Trump has referred to the December 2024 House of Representatives “Staff Report on Antisemitism” in relation to Order 14188, which posits institutions of higher education across the country “failed to stop antisemitism on their campuses, likely violating Title VI.” NC State revised its anti-discrimination policy after settling an antisemitism Title VI complaint in October of last year.
The order directs universities to monitor and report activities by aliens that may violate a federal code, which, among other things, extensively defines “terrorist activities” and what ‘participating’ in them might entail. Judicial precedent has defined how the government can prevent material support for terrorist organizations, but Ludington suggests Trump could take it a step further.

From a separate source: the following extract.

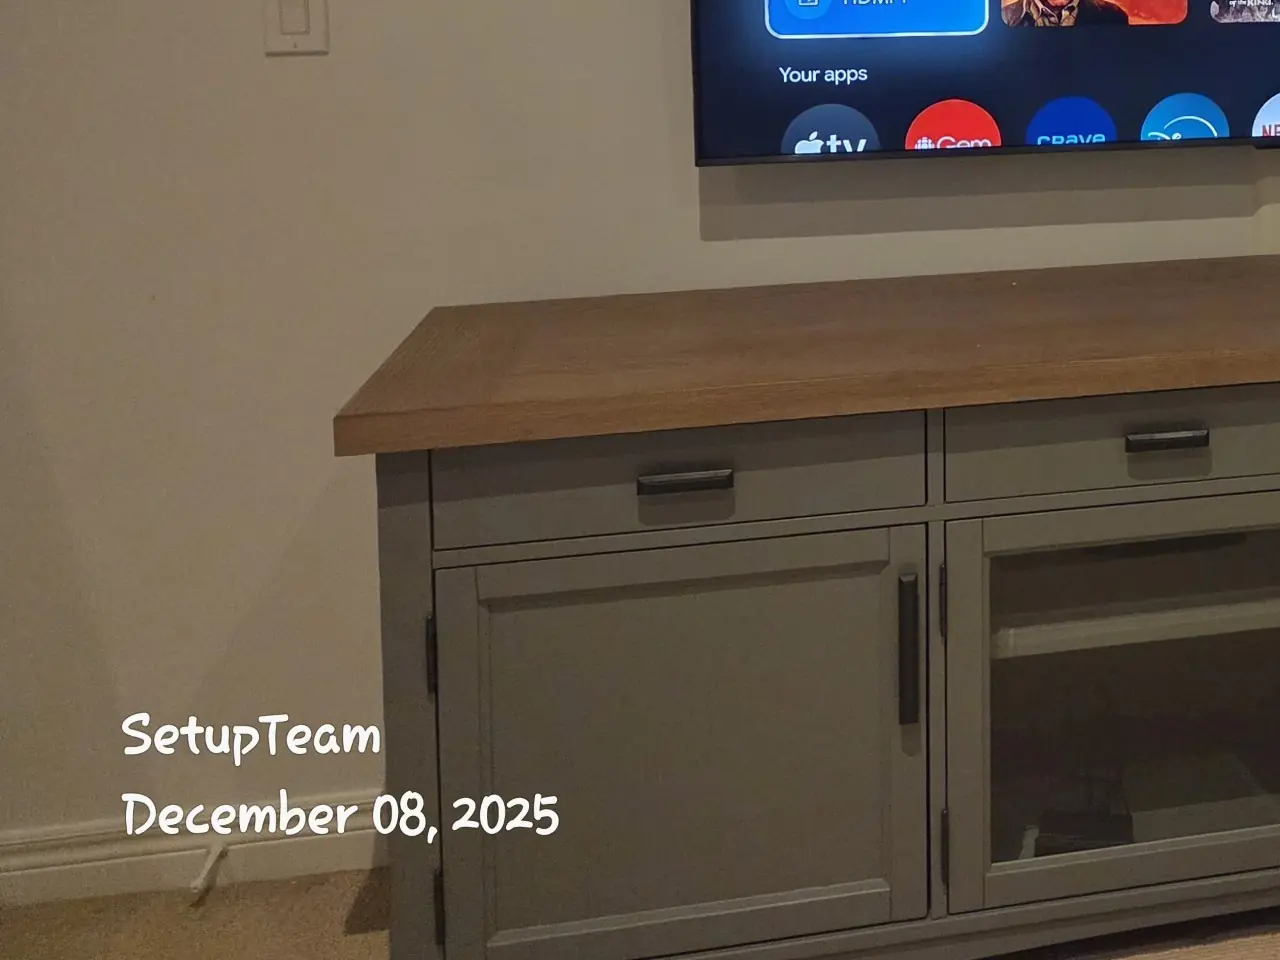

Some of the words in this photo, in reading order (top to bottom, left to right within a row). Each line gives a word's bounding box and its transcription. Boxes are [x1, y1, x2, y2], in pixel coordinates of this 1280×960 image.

[778, 66, 821, 83] Your
[824, 68, 868, 86] apps
[826, 134, 867, 153] tv
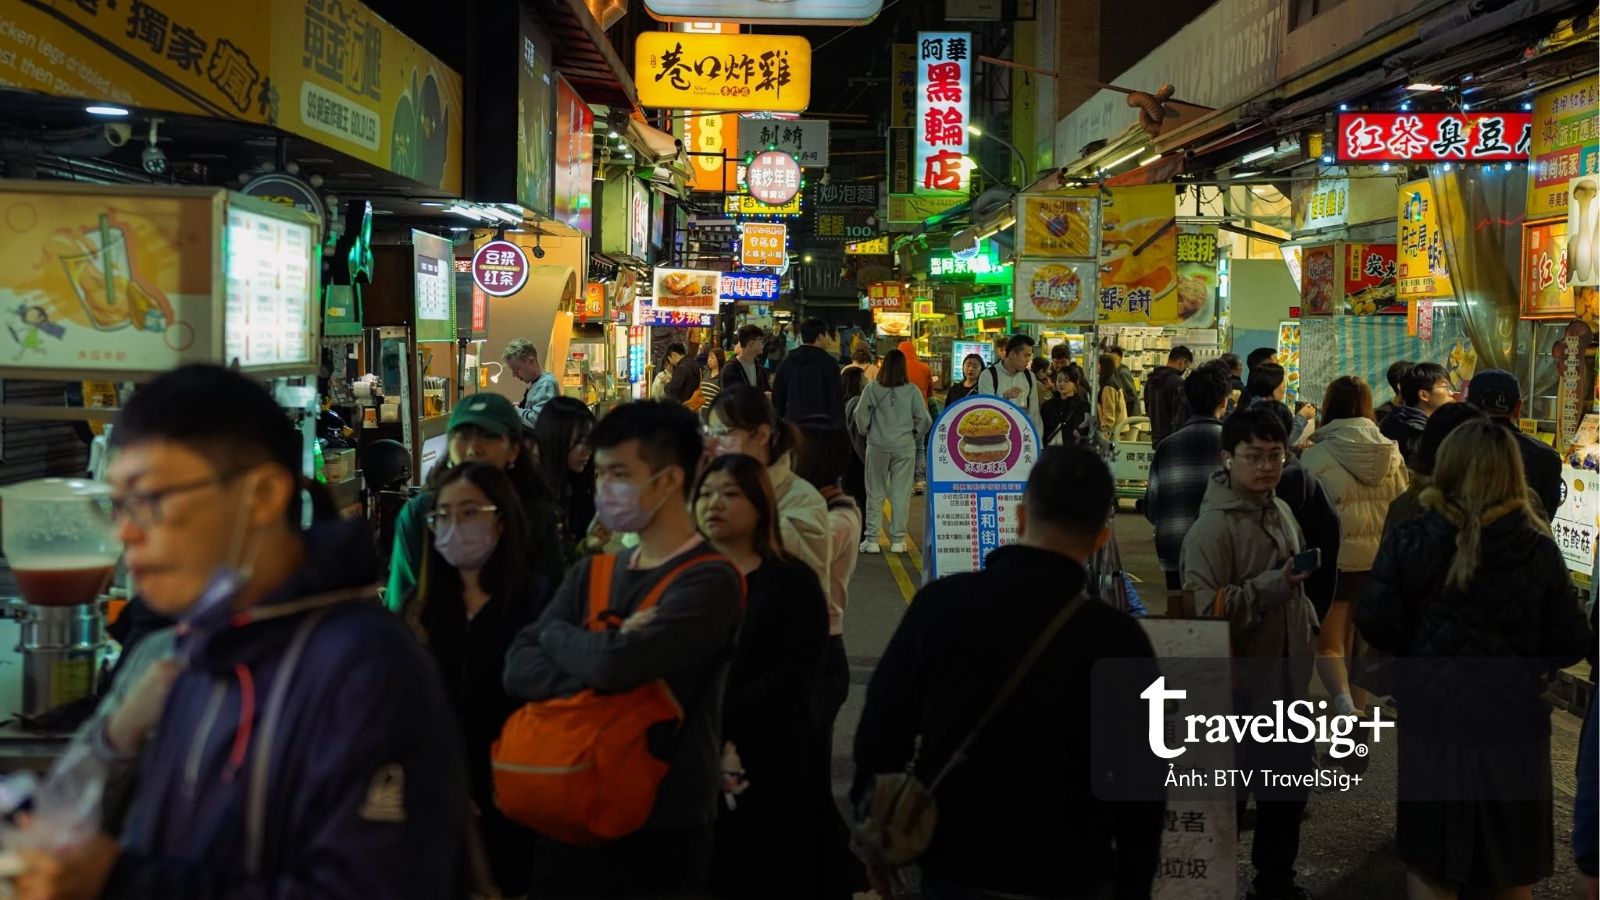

“It’s going to be really interesting to read and see how the administration wants to push that line,” Ludington said. “But they probably do want to expand the definition of material support for foreign terrorist organizations into areas that I would consider pure speech, pure political speech.”
Ordoubadi maintained that revoking visas or deporting someone based on political speech would be problematic and unlikely to survive a legal challenge.
In response to the executive actions, University spokesperson Mick Kulikowski told Technician “NC State complies with all federal laws and is monitoring the new directives.”
Elizabeth James, director of the Office of International Services, said in a written statement they are working to understand the changes and communicate with any affected students.
“Whenever a new executive order or regulation comes out that impacts international students and scholars, we work closely with campus officials to determine the extent of the impact and to notify the affected students of the policy change,” James wrote. “At this point I cannot speculate further.”
Ludington connected recent political efforts with the downturn of pro-Palestine activity on college campuses this year.
“The protests this year have been minimal, and I think that it is pretty telling about the chilling effect on speech of official actions that are intended to stop protest,” Ludington said. “It does. It works. It stops people from expressing their opinions. It doesn’t mean those opinions aren’t still there — they just can’t be aired. That doesn’t make them any safer.”